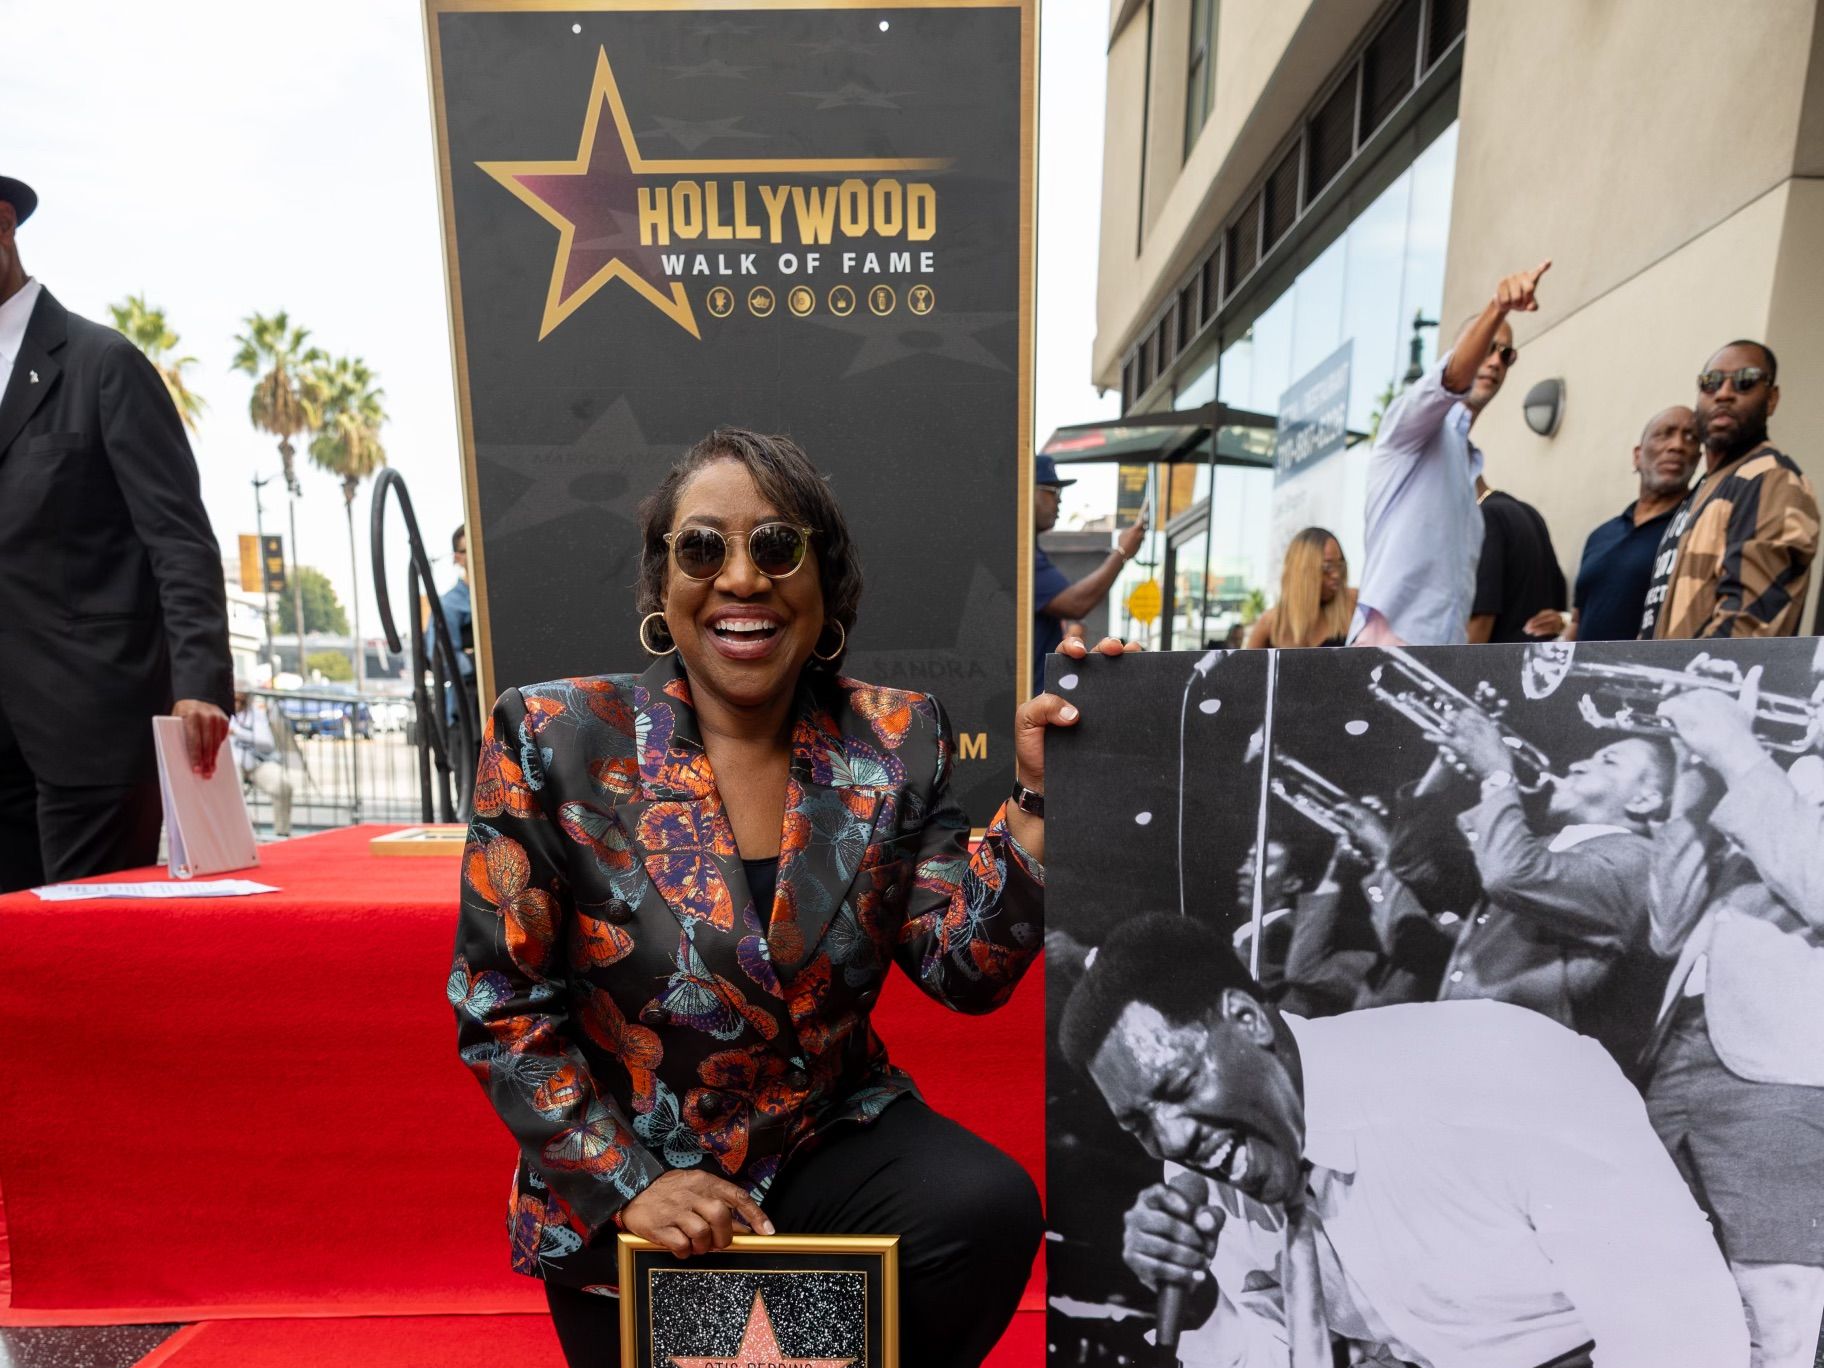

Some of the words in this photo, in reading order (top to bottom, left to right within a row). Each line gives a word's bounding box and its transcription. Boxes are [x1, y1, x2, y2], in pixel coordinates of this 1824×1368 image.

[637, 178, 937, 246] HOLLYWOOD
[661, 253, 758, 276] WALK
[778, 252, 821, 275] OF
[842, 251, 935, 275] FAME
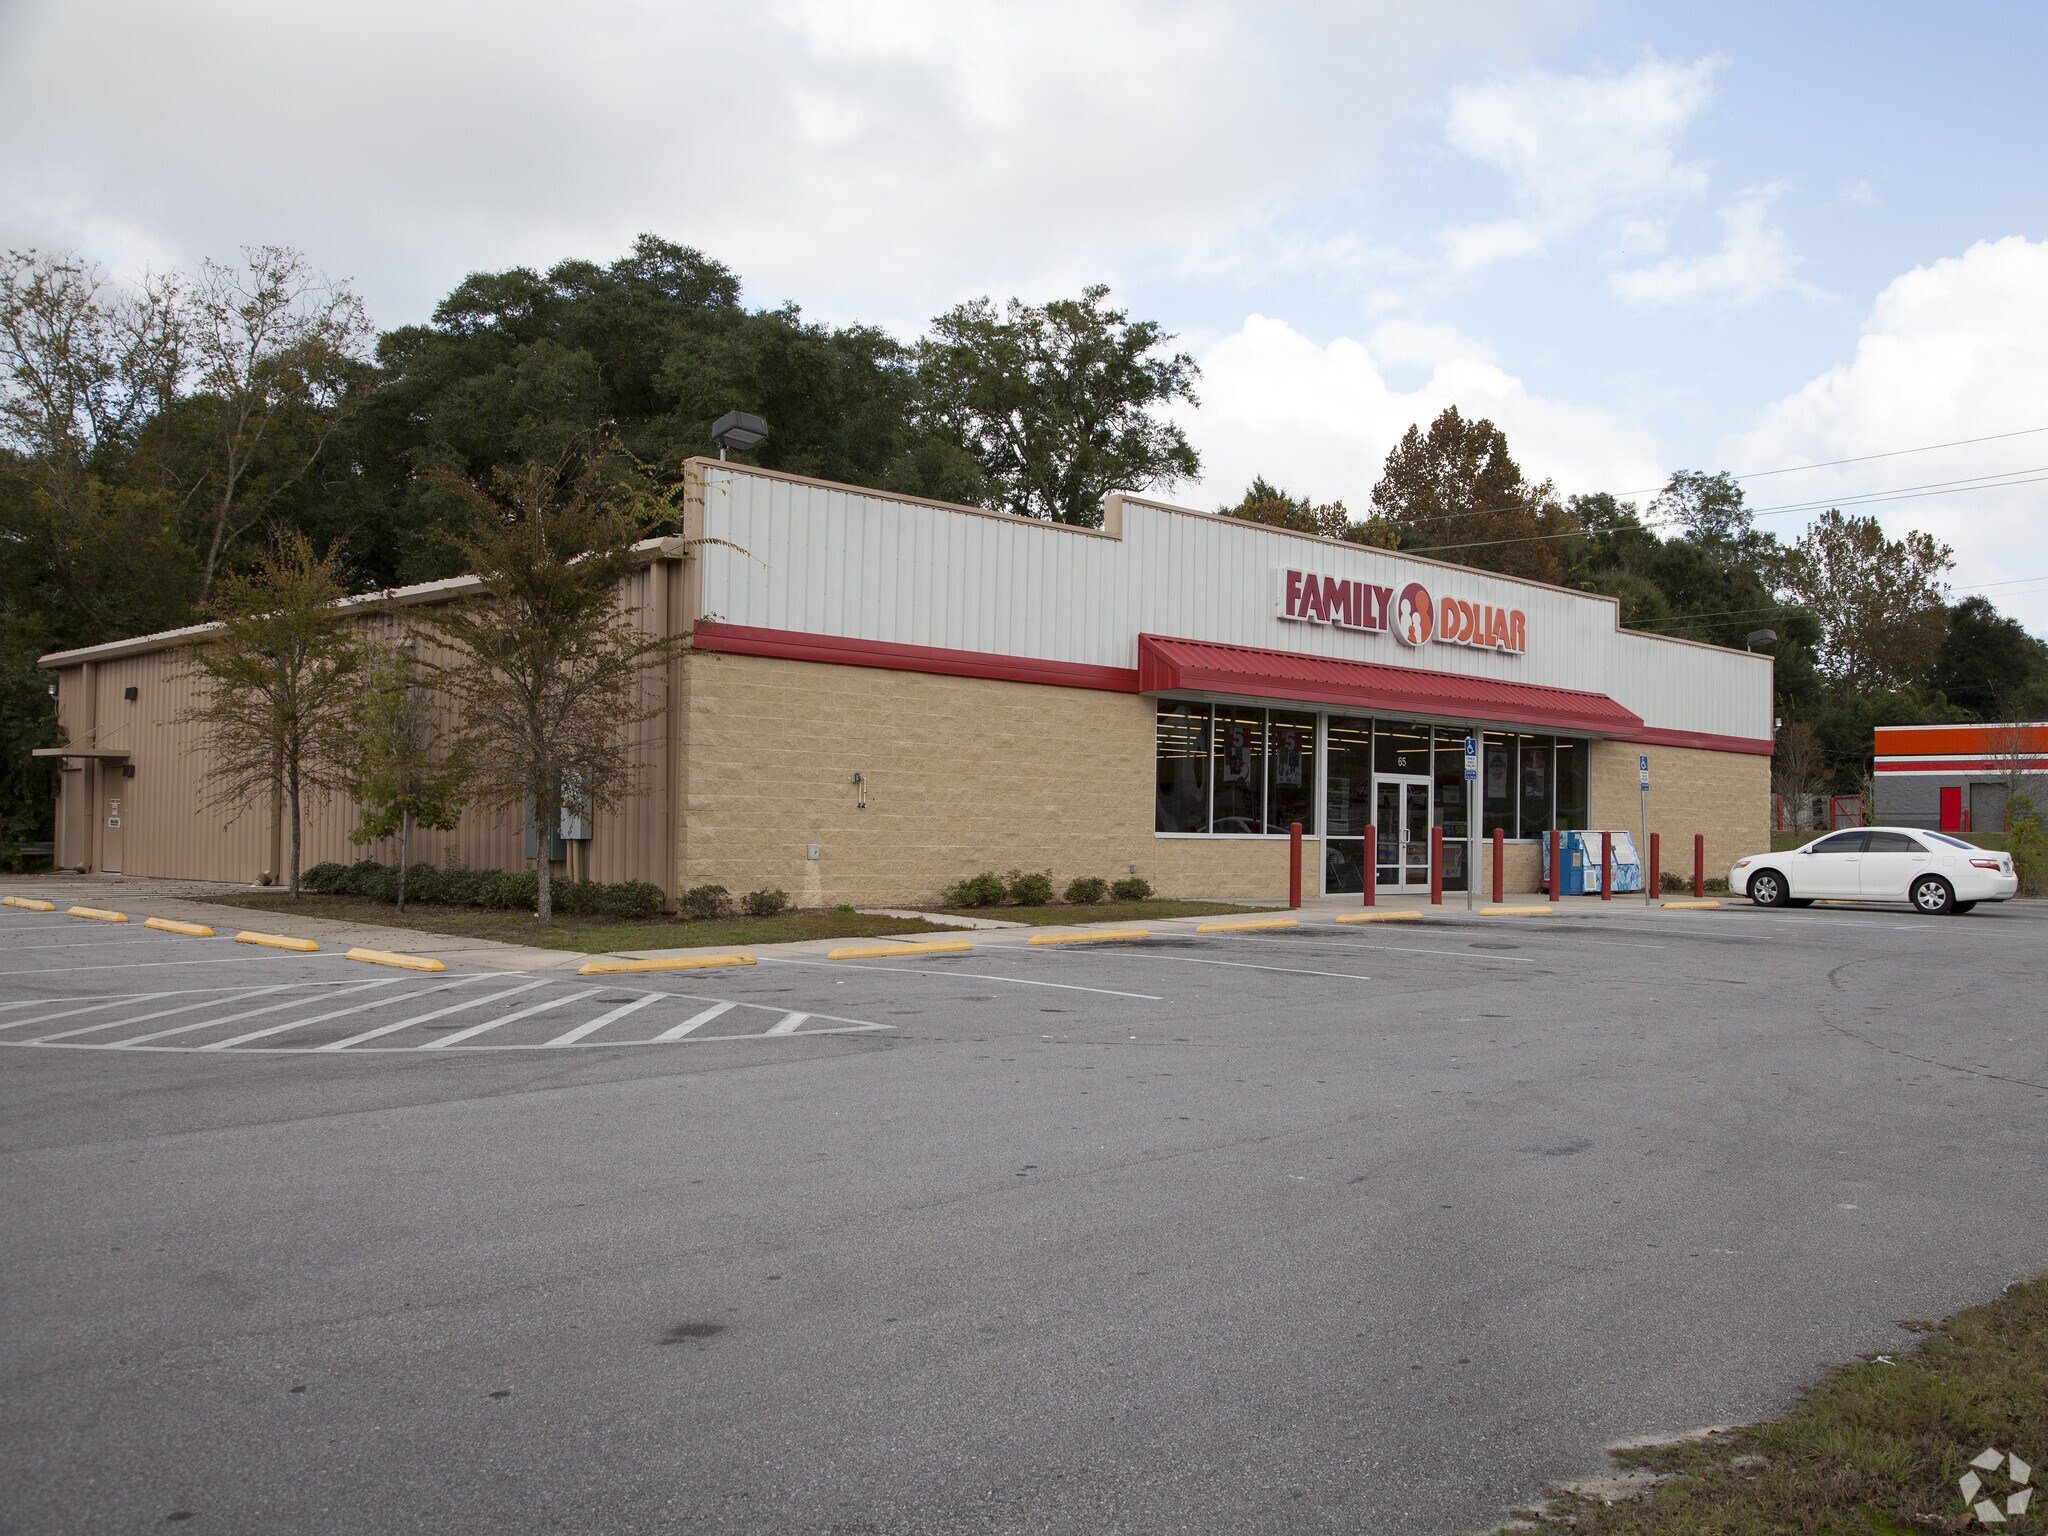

## WHAT TO PRODUCE
Please reproduce each line of the listing above exactly, skipping pictures.

## EXERCISE SOLUTION
Some of the words in this photo, in reading order (top to bottom, left to right within a row). Each line gives a word's bounding box and its transcription. Boxes are [x1, y1, x2, y2], in pixel coordinates of this 1824×1368 image.

[637, 178, 937, 246] HOLLYWOOD
[661, 253, 758, 276] WALK
[778, 252, 821, 275] OF
[842, 251, 935, 275] FAME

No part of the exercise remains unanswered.